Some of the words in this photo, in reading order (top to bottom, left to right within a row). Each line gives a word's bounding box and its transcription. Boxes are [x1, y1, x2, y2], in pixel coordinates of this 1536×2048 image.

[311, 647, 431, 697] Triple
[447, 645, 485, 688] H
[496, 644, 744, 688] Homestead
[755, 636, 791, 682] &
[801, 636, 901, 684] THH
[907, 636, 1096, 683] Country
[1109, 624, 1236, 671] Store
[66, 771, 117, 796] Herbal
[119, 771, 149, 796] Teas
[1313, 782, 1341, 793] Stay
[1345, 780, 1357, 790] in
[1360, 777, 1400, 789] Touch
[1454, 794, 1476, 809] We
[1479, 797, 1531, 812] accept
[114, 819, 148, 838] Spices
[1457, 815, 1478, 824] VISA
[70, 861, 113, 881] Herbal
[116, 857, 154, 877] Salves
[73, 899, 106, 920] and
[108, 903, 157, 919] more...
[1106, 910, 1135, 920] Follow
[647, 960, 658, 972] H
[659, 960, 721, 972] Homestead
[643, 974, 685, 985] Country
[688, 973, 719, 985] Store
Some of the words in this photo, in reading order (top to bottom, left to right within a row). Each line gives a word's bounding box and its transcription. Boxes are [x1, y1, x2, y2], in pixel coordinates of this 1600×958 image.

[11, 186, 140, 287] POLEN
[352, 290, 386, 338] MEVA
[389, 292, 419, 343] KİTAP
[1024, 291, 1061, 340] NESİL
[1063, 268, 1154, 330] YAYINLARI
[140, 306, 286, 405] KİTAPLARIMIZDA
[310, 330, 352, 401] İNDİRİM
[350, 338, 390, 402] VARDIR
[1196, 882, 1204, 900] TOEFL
--
### WHAT THE EXERCISE ASKS
The full set of entries should be transcribed exactly.

### SOLUTION TO THE EXERCISE
Some of the words in this photo, in reading order (top to bottom, left to right within a row). Each line gives a word's bounding box and its transcription. Boxes are [x1, y1, x2, y2], in pixel coordinates of this 1536×2048 image.

[311, 647, 431, 697] Triple
[447, 645, 485, 688] H
[496, 644, 744, 688] Homestead
[755, 636, 791, 682] &
[801, 636, 901, 684] THH
[907, 636, 1096, 683] Country
[1109, 624, 1236, 671] Store
[66, 771, 117, 796] Herbal
[119, 771, 149, 796] Teas
[1313, 782, 1341, 793] Stay
[1345, 780, 1357, 790] in
[1360, 777, 1400, 789] Touch
[1454, 794, 1476, 809] We
[1479, 797, 1531, 812] accept
[114, 819, 148, 838] Spices
[1457, 815, 1478, 824] VISA
[70, 861, 113, 881] Herbal
[116, 857, 154, 877] Salves
[73, 899, 106, 920] and
[108, 903, 157, 919] more...
[1106, 910, 1135, 920] Follow
[647, 960, 658, 972] H
[659, 960, 721, 972] Homestead
[643, 974, 685, 985] Country
[688, 973, 719, 985] Store
Some of the words in this photo, in reading order (top to bottom, left to right within a row). Each line gives a word's bounding box and its transcription. Boxes are [x1, y1, x2, y2], in pixel coordinates of this 1600×958 image.

[11, 186, 140, 287] POLEN
[352, 290, 386, 338] MEVA
[389, 292, 419, 343] KİTAP
[1024, 291, 1061, 340] NESİL
[1063, 268, 1154, 330] YAYINLARI
[140, 306, 286, 405] KİTAPLARIMIZDA
[310, 330, 352, 401] İNDİRİM
[350, 338, 390, 402] VARDIR
[1196, 882, 1204, 900] TOEFL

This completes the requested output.